Professors Allison Koenecke of Cornell University and Mona Sloane of the University of Virginia examined thousands of short excerpts obtained from TalkBank, a research repository hosted at Carnegie Mellon University. They determined that nearly 40% of hallucinations were harmful or disturbing because the speaker could be misinterpreted or distorted.
In one example they discovered, a speaker said: “He, the boy, was going to, I’m not sure exactly, take the umbrella. »
But the transcription software adds: “He took a big piece of the cross, a very small piece…I’m sure he didn’t have a terrorist knife, so he killed a number of people.” »
A commenter in another recording described “two other girls and a lady.” Whisper made up an additional comment about race, adding “two other girls and a lady, uh, who were black.”
In a third transcript, Whisper invented a nonexistent drug called “hyperactivated antibiotics.”
Researchers aren’t sure why Whisper and similar tools hallucinate, but software developers have said the hallucinations tend to occur amid pauses, background noises or music.
OpenAI has recommended in its online publications against using Whisper in “decision-making contexts, where lapses in accuracy can lead to pronounced flaws in the results.”
Transcription of doctor appointments
This warning has not stopped hospitals or medical centers from using text-to-speech models, including Whisper, to transcribe what is said during doctor visits to allow medical providers to spend less time taking notes or writing reports.
More than 30,000 clinicians and 40 health systems, including the Mankato Clinic in Minnesota and Children’s Hospital Los Angeles, have started using a Whisper-based tool developed by Nabla, which has offices in France and the United States. United.
This tool was refined on medical language to transcribe and summarize patient interactions, said Martin Raison, chief technology officer of Nabla.

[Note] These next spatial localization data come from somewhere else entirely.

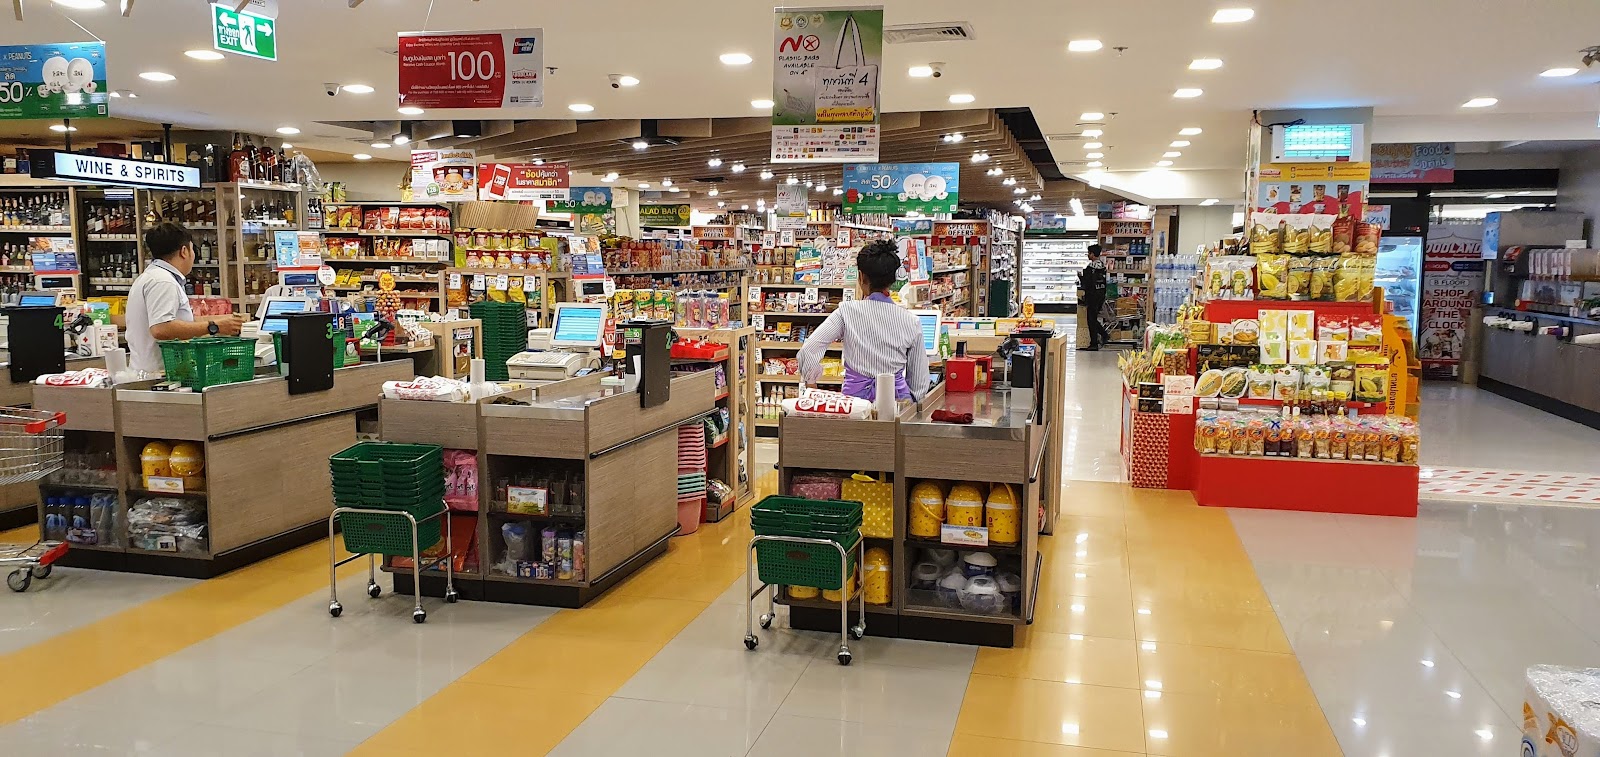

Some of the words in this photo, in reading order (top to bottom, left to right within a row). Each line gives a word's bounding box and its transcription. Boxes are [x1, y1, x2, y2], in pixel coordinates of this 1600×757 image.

[220, 34, 239, 46] EXIT
[8, 52, 32, 60] PEANUTS
[448, 51, 495, 81] 100
[5, 72, 16, 80] ลด
[859, 72, 869, 86] 4
[1415, 141, 1443, 156] Food
[1421, 159, 1446, 169] Drink
[75, 159, 113, 175] WINE
[120, 164, 129, 177] &
[135, 165, 185, 182] SPIRITS
[1426, 242, 1482, 254] OODLAND
[1433, 289, 1465, 297] SHOP
[1424, 300, 1473, 308] AROUND
[1436, 310, 1459, 319] THE
[53, 313, 64, 330] 4
[1428, 321, 1465, 330] CLOCK
[325, 322, 333, 339] 3
[665, 332, 671, 350] 2
[798, 399, 852, 413] OPEN

Company officials said they were aware that Whisper could be hallucinating and were mitigating the problem.
It’s impossible to compare Nabla’s AI-generated transcript to the original recording because Nabla’s tool erases the original audio for “data security reasons,” Raison said.
Nabla said the tool has been used to transcribe around 7 million medical visits.
Saunders, the former OpenAI engineer, said erasing original audio could be concerning if transcriptions aren’t verified or clinicians can’t access the recording to verify they’re correct .
“You can’t catch errors if you remove the ground truth,” he said.
Nabla said no model is perfect and theirs currently requires medical providers to quickly edit and approve transcribed notes, but that could change.
Privacy issues
Because patients’ meetings with their doctors are confidential, it’s unclear how AI-generated transcripts affect them.
A California state lawmaker, Rebecca Bauer-Kahan, said she took one of her children to the doctor earlier this year and refused to sign a form provided by the health network that asked her permission to share audio from the consultation with vendors including Microsoft Azure, the cloud computing system run by OpenAI’s largest investor. Bauer-Kahan didn’t want such intimate medical conversations shared with tech companies, she said.
“The release was very specific that for-profit companies would be allowed to have this,” said Bauer-Kahan, a Democrat who represents part of suburban San Francisco in the state Assembly . “I said to myself, ‘absolutely not’.”
John Muir Health spokesman Ben Drew said the health system complies with state and federal privacy laws.
Schellmann reported from New York.
This story was produced in partnership with the Pulitzer Center’s AI Accountability Network, which also partially supported the Whisper academic study.